Post-traumatic stress disorder (PTSD) is a mental disorder with complex etiology, which mostly occurs after severe traumatic events. The genesis and development of PTSD involves complex interactions between environmental triggers and genetic susceptibility, resulting in great individual differences. As a discipline investigating the changes in gene expression regulated by environment factors, the role of epigenetics in PTSD is attracting more and more attention in recent years. Histone modification, as one of the epigenetic mechanisms, plays an important role in the biological pathways for PTSD. Since histone modification can be regulated by a variety of enzymes, its flexible reversibility and elaborate regulation provides the possibility and convenience for the corresponding drug development. Therefore, in-depth exploration of the histone modification for the clinical treatment and drug development of PTSD is of great significance. Current studies on histone modification in PTSD mainly use animal models, with few clinical studies, focusing on histone H3 and H4 acetylation. In addition, consistent with previous findings, the changes in histone modification mostly occurred in prefrontal cortex, hippocampus, and amygdala, involved in the regulation of related pathways including the immune system, serotonin system, and the neuropeptide Y system. Current findings about histone modification in PTSD showed great heterogeneity, future studies should adopt more consistent and practical methods of analysis and reporting, to maximize study impact.
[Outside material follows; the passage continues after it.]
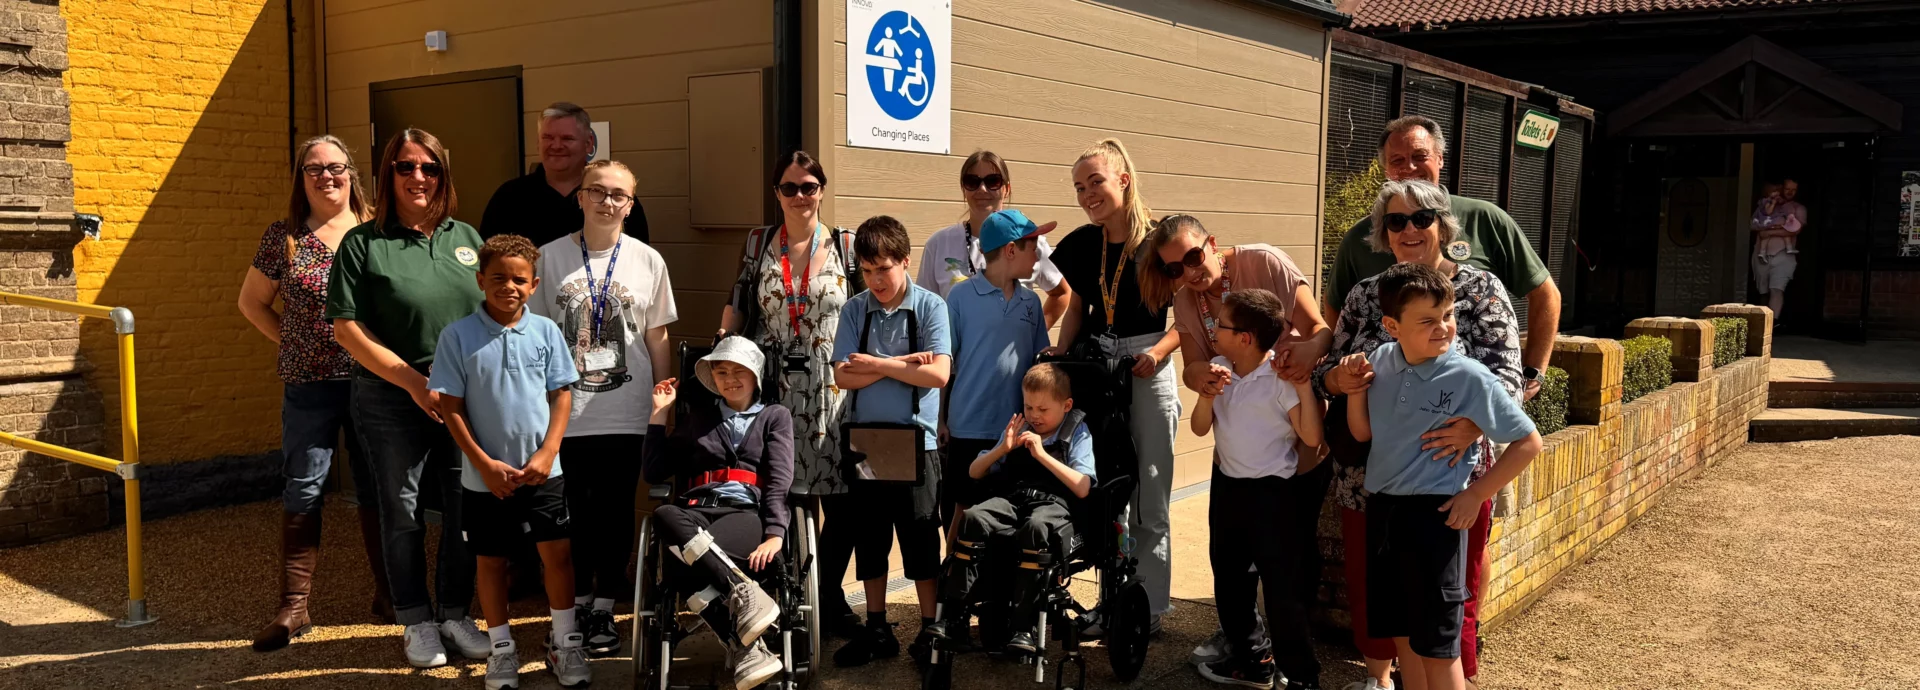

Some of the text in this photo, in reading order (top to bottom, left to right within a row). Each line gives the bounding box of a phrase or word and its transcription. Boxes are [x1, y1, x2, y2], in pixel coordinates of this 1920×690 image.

[872, 127, 930, 142] Changing Places
[1521, 119, 1541, 139] Toilets
创伤后应激障碍是一种具有复杂病因学的精神疾病,多发生于个体受到重大创伤事件后。创伤后应激障碍的发生发展过程受到环境和遗传易感性的共同作用,存在着较大的个体差异;而表观遗传学作为一门研究多变环境因素调控基因表达的可遗传变化的学科,近年来在创伤后应激障碍的研究中受到越来越多的重视。表观遗传机制之一——组蛋白修饰机制在创伤后应激障碍的发生中起着重要作用,并且由于组蛋白修饰可以受到多种酶的调控,其灵活的可逆化和精细调控为相应的药物研发提供了可能性和便利。因此,深入探讨创伤后应激障碍的组蛋白修饰机制,对于相关疾病的临床治疗及药物研发具有十分重要的意义。当前创伤后应激障碍的组蛋白修饰研究主要使用动物模型,临床研究较少;组蛋白的类型则主要关注组蛋白H3和H4乙酰化;此外,同以往的研究结果一致,组蛋白修饰水平的变化主要发生在前额叶、海马体和杏仁核区域,参与免疫系统、血清素系统和神经肽Y能系统等相关通路的调节。当前PTSD组蛋白修饰的研究结果间还存在较大的异质性,未来的研究应采用更加一致和实用的分析和报道方法,以最大限度地发挥研究的影响。